YOUR ASSIGNMENT:
An exact copy of every record, without the pictures, is what should come back.

========

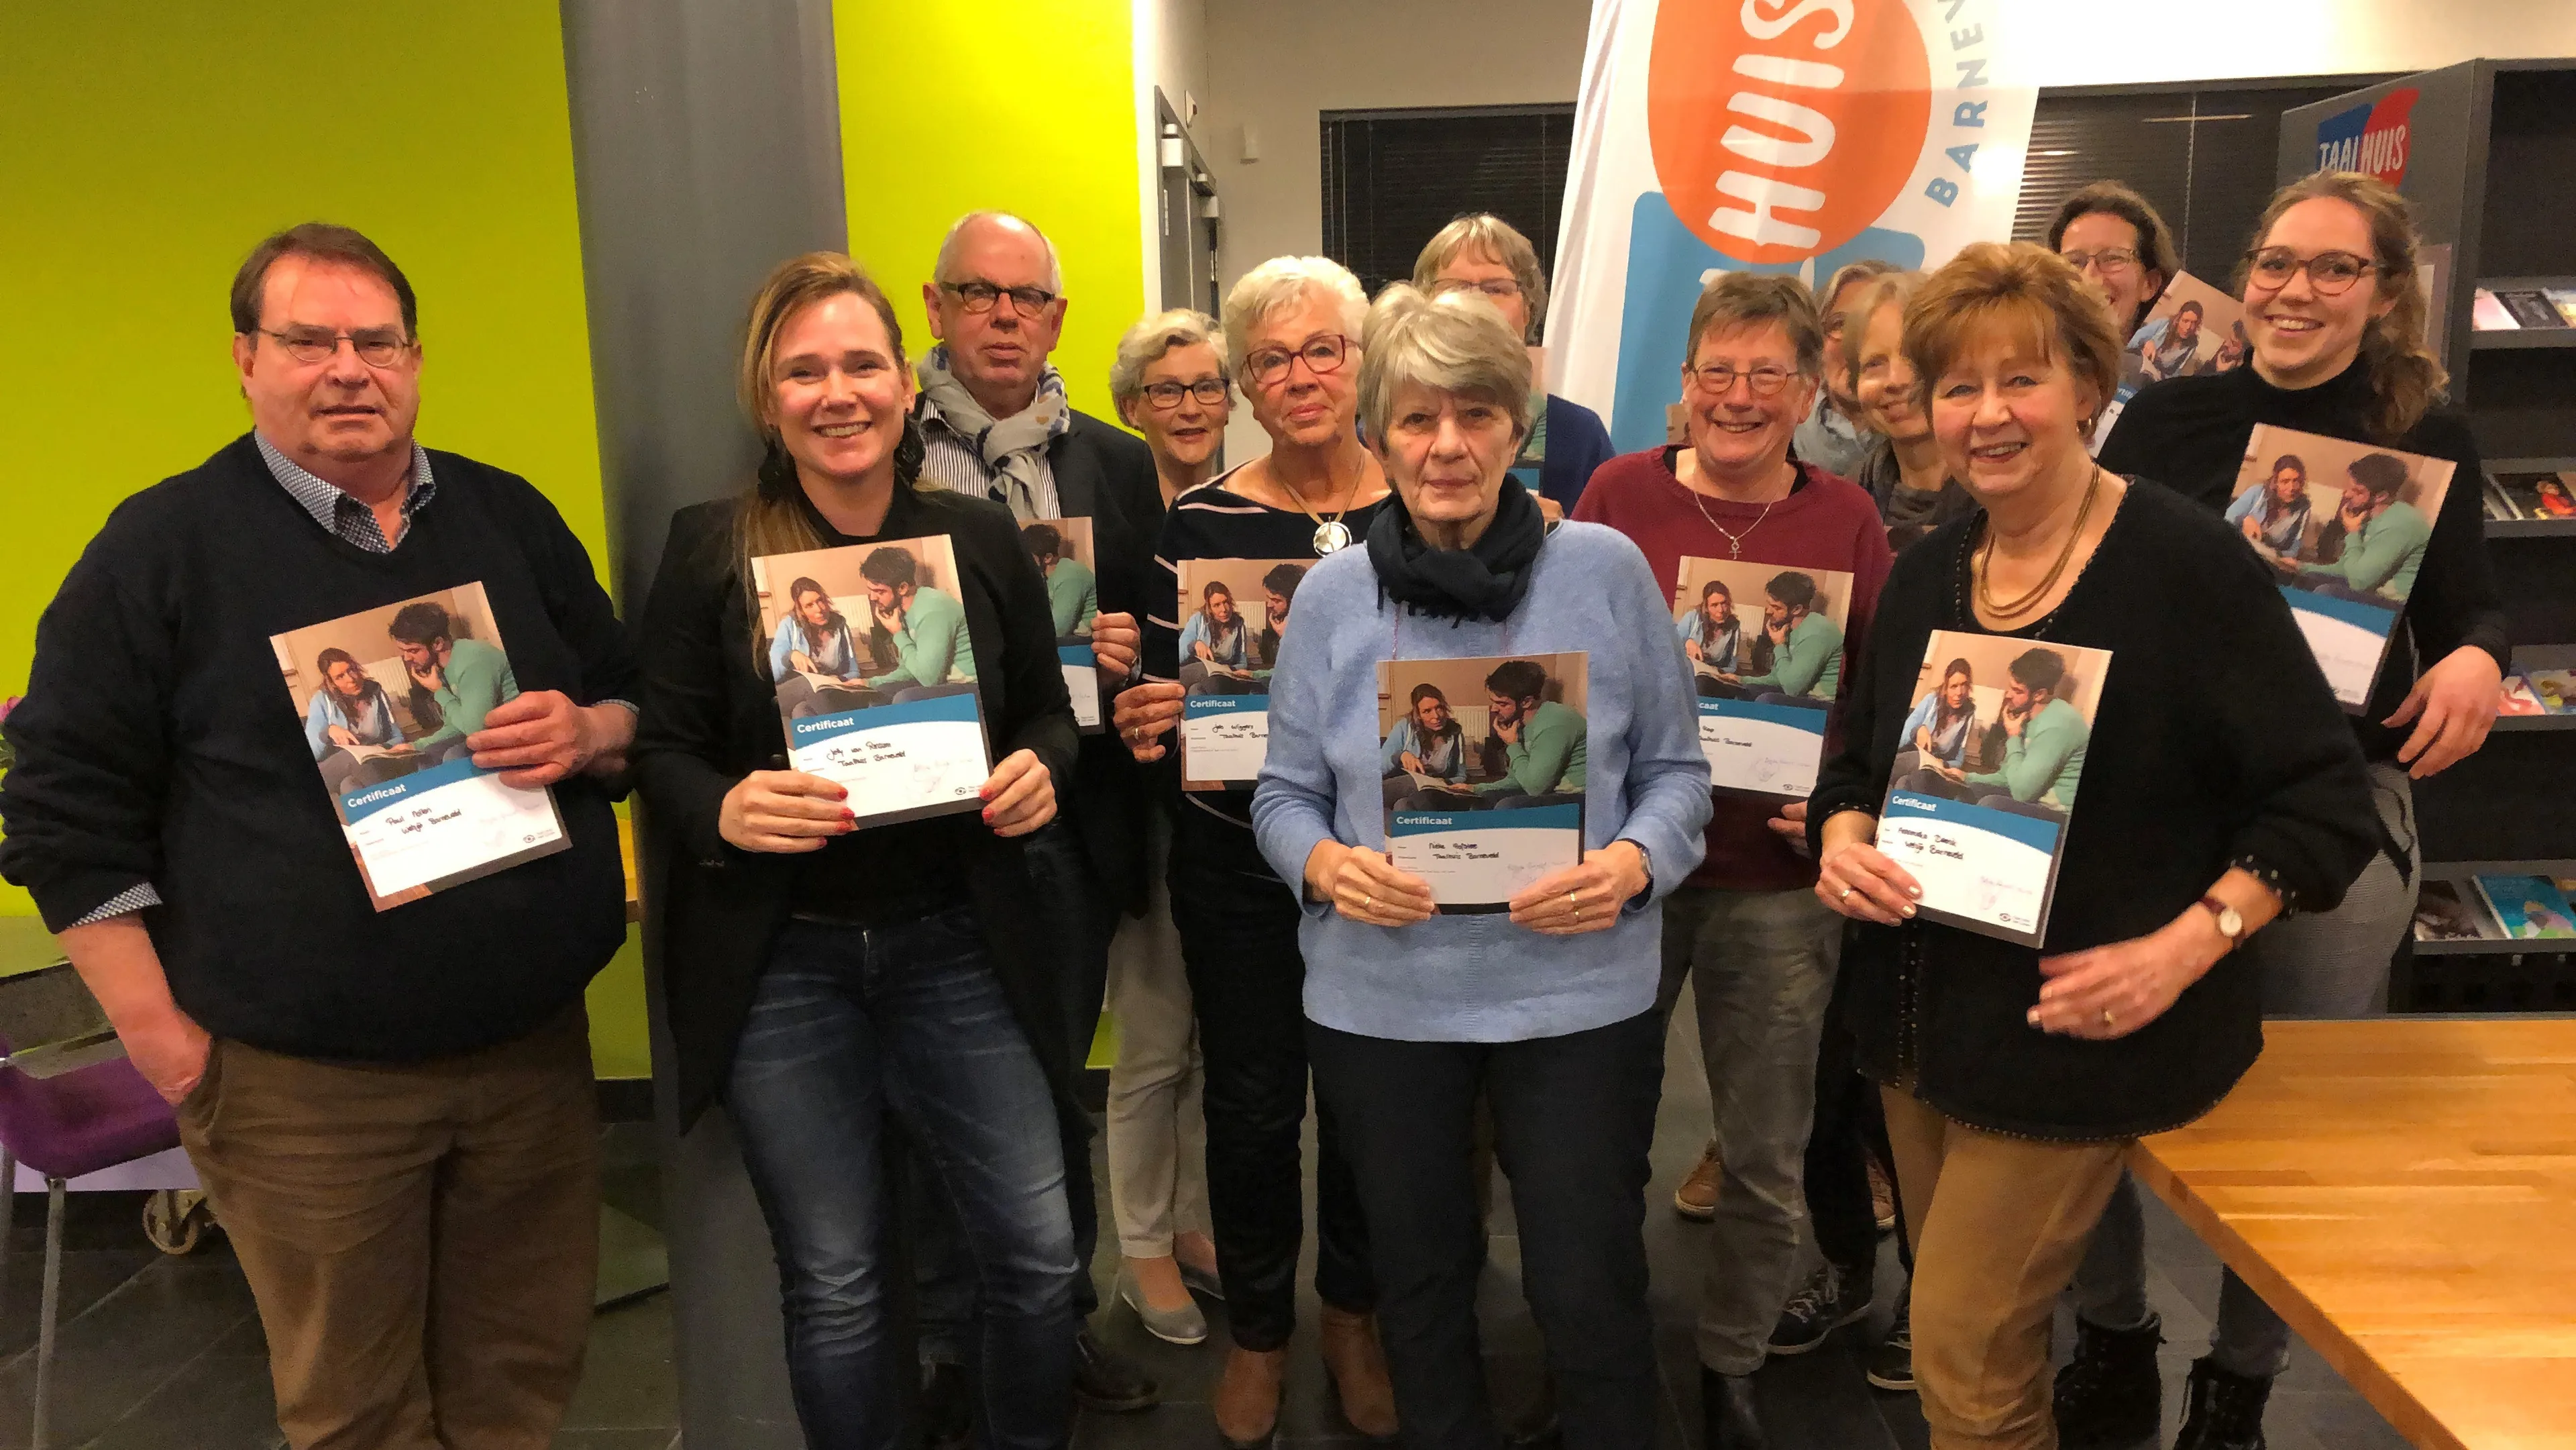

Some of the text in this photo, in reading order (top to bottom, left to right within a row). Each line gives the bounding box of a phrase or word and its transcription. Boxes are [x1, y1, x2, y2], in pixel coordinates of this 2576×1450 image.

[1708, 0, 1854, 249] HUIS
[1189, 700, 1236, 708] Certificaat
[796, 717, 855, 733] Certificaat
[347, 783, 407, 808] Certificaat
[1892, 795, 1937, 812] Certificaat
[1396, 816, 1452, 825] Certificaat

========

REPLY:
Some of the text in this photo, in reading order (top to bottom, left to right within a row). Each line gives the bounding box of a phrase or word and its transcription. Boxes are [x1, y1, x2, y2], in pixel coordinates of this 2576×1450 image.

[1708, 0, 1854, 249] HUIS
[1189, 700, 1236, 708] Certificaat
[796, 717, 855, 733] Certificaat
[347, 783, 407, 808] Certificaat
[1892, 795, 1937, 812] Certificaat
[1396, 816, 1452, 825] Certificaat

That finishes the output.